> [Instructions for the task]: Line by line, give the data again exactly as it appears.

[Saved entries]
+++++

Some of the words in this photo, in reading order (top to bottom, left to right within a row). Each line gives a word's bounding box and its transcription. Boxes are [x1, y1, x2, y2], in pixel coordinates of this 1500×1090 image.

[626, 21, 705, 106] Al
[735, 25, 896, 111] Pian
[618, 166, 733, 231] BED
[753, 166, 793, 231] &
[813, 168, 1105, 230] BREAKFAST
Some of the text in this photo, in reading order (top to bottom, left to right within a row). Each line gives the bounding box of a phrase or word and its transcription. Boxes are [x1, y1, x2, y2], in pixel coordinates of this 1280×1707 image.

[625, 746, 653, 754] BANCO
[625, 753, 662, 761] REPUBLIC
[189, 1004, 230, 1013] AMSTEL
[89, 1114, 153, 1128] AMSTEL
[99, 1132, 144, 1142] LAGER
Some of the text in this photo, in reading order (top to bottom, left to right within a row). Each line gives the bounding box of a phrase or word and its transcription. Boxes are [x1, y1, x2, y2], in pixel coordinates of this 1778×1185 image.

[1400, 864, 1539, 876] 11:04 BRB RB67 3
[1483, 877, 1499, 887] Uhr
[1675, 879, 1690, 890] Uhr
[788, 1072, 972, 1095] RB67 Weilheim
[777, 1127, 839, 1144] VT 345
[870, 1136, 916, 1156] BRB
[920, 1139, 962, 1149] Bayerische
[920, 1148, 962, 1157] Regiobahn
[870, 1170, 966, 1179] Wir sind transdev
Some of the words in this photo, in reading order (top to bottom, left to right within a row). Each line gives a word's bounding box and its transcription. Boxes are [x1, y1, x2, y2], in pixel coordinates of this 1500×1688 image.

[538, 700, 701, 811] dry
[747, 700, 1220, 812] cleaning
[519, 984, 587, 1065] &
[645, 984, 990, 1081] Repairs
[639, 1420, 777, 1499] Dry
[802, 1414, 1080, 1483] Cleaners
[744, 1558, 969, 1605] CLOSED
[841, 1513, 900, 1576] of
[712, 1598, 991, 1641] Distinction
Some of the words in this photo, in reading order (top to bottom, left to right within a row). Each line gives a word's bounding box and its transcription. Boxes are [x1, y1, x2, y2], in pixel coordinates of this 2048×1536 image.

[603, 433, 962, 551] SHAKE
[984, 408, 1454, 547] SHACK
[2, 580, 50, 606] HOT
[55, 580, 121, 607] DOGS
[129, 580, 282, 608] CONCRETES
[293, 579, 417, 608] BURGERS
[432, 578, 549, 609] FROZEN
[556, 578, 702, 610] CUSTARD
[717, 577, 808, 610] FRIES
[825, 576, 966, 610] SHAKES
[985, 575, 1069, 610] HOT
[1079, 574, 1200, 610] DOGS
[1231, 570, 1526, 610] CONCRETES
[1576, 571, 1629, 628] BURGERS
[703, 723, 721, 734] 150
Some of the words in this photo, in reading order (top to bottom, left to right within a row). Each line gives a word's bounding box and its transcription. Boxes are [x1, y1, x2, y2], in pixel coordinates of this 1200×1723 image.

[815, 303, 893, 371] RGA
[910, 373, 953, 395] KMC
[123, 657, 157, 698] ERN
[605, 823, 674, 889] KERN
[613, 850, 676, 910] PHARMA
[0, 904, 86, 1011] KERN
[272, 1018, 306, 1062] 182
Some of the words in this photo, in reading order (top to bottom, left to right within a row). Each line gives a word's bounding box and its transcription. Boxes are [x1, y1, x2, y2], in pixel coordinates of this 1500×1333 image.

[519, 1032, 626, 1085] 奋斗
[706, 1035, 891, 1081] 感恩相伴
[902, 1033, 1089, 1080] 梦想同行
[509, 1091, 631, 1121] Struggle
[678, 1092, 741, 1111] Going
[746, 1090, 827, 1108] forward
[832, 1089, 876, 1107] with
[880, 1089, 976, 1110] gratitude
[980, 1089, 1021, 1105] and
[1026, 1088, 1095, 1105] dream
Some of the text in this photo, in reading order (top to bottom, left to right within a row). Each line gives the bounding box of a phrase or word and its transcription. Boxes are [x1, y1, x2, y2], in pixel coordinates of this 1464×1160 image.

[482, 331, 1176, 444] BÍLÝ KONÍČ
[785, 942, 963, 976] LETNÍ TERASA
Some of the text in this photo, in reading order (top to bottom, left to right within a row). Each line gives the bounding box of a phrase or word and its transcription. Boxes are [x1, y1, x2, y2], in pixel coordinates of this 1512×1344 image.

+++++

> [Finished exercise]:
Some of the words in this photo, in reading order (top to bottom, left to right within a row). Each line gives a word's bounding box and its transcription. Boxes are [x1, y1, x2, y2], in pixel coordinates of this 1500×1090 image.

[626, 21, 705, 106] Al
[735, 25, 896, 111] Pian
[618, 166, 733, 231] BED
[753, 166, 793, 231] &
[813, 168, 1105, 230] BREAKFAST
Some of the text in this photo, in reading order (top to bottom, left to right within a row). Each line gives the bounding box of a phrase or word and its transcription. Boxes are [x1, y1, x2, y2], in pixel coordinates of this 1280×1707 image.

[625, 746, 653, 754] BANCO
[625, 753, 662, 761] REPUBLIC
[189, 1004, 230, 1013] AMSTEL
[89, 1114, 153, 1128] AMSTEL
[99, 1132, 144, 1142] LAGER
Some of the text in this photo, in reading order (top to bottom, left to right within a row). Each line gives the bounding box of a phrase or word and its transcription. Boxes are [x1, y1, x2, y2], in pixel coordinates of this 1778×1185 image.

[1400, 864, 1539, 876] 11:04 BRB RB67 3
[1483, 877, 1499, 887] Uhr
[1675, 879, 1690, 890] Uhr
[788, 1072, 972, 1095] RB67 Weilheim
[777, 1127, 839, 1144] VT 345
[870, 1136, 916, 1156] BRB
[920, 1139, 962, 1149] Bayerische
[920, 1148, 962, 1157] Regiobahn
[870, 1170, 966, 1179] Wir sind transdev
Some of the words in this photo, in reading order (top to bottom, left to right within a row). Each line gives a word's bounding box and its transcription. Boxes are [x1, y1, x2, y2], in pixel coordinates of this 1500×1688 image.

[538, 700, 701, 811] dry
[747, 700, 1220, 812] cleaning
[519, 984, 587, 1065] &
[645, 984, 990, 1081] Repairs
[639, 1420, 777, 1499] Dry
[802, 1414, 1080, 1483] Cleaners
[744, 1558, 969, 1605] CLOSED
[841, 1513, 900, 1576] of
[712, 1598, 991, 1641] Distinction
Some of the words in this photo, in reading order (top to bottom, left to right within a row). Each line gives a word's bounding box and its transcription. Boxes are [x1, y1, x2, y2], in pixel coordinates of this 2048×1536 image.

[603, 433, 962, 551] SHAKE
[984, 408, 1454, 547] SHACK
[2, 580, 50, 606] HOT
[55, 580, 121, 607] DOGS
[129, 580, 282, 608] CONCRETES
[293, 579, 417, 608] BURGERS
[432, 578, 549, 609] FROZEN
[556, 578, 702, 610] CUSTARD
[717, 577, 808, 610] FRIES
[825, 576, 966, 610] SHAKES
[985, 575, 1069, 610] HOT
[1079, 574, 1200, 610] DOGS
[1231, 570, 1526, 610] CONCRETES
[1576, 571, 1629, 628] BURGERS
[703, 723, 721, 734] 150
Some of the words in this photo, in reading order (top to bottom, left to right within a row). Each line gives a word's bounding box and its transcription. Boxes are [x1, y1, x2, y2], in pixel coordinates of this 1200×1723 image.

[815, 303, 893, 371] RGA
[910, 373, 953, 395] KMC
[123, 657, 157, 698] ERN
[605, 823, 674, 889] KERN
[613, 850, 676, 910] PHARMA
[0, 904, 86, 1011] KERN
[272, 1018, 306, 1062] 182
Some of the words in this photo, in reading order (top to bottom, left to right within a row). Each line gives a word's bounding box and its transcription. Boxes are [x1, y1, x2, y2], in pixel coordinates of this 1500×1333 image.

[519, 1032, 626, 1085] 奋斗
[706, 1035, 891, 1081] 感恩相伴
[902, 1033, 1089, 1080] 梦想同行
[509, 1091, 631, 1121] Struggle
[678, 1092, 741, 1111] Going
[746, 1090, 827, 1108] forward
[832, 1089, 876, 1107] with
[880, 1089, 976, 1110] gratitude
[980, 1089, 1021, 1105] and
[1026, 1088, 1095, 1105] dream
Some of the text in this photo, in reading order (top to bottom, left to right within a row). Each line gives the bounding box of a phrase or word and its transcription. Boxes are [x1, y1, x2, y2], in pixel coordinates of this 1464×1160 image.

[482, 331, 1176, 444] BÍLÝ KONÍČ
[785, 942, 963, 976] LETNÍ TERASA
Some of the text in this photo, in reading order (top to bottom, left to right within a row). Each line gives the bounding box of a phrase or word and its transcription. Boxes are [x1, y1, x2, y2], in pixel coordinates of this 1512×1344 image.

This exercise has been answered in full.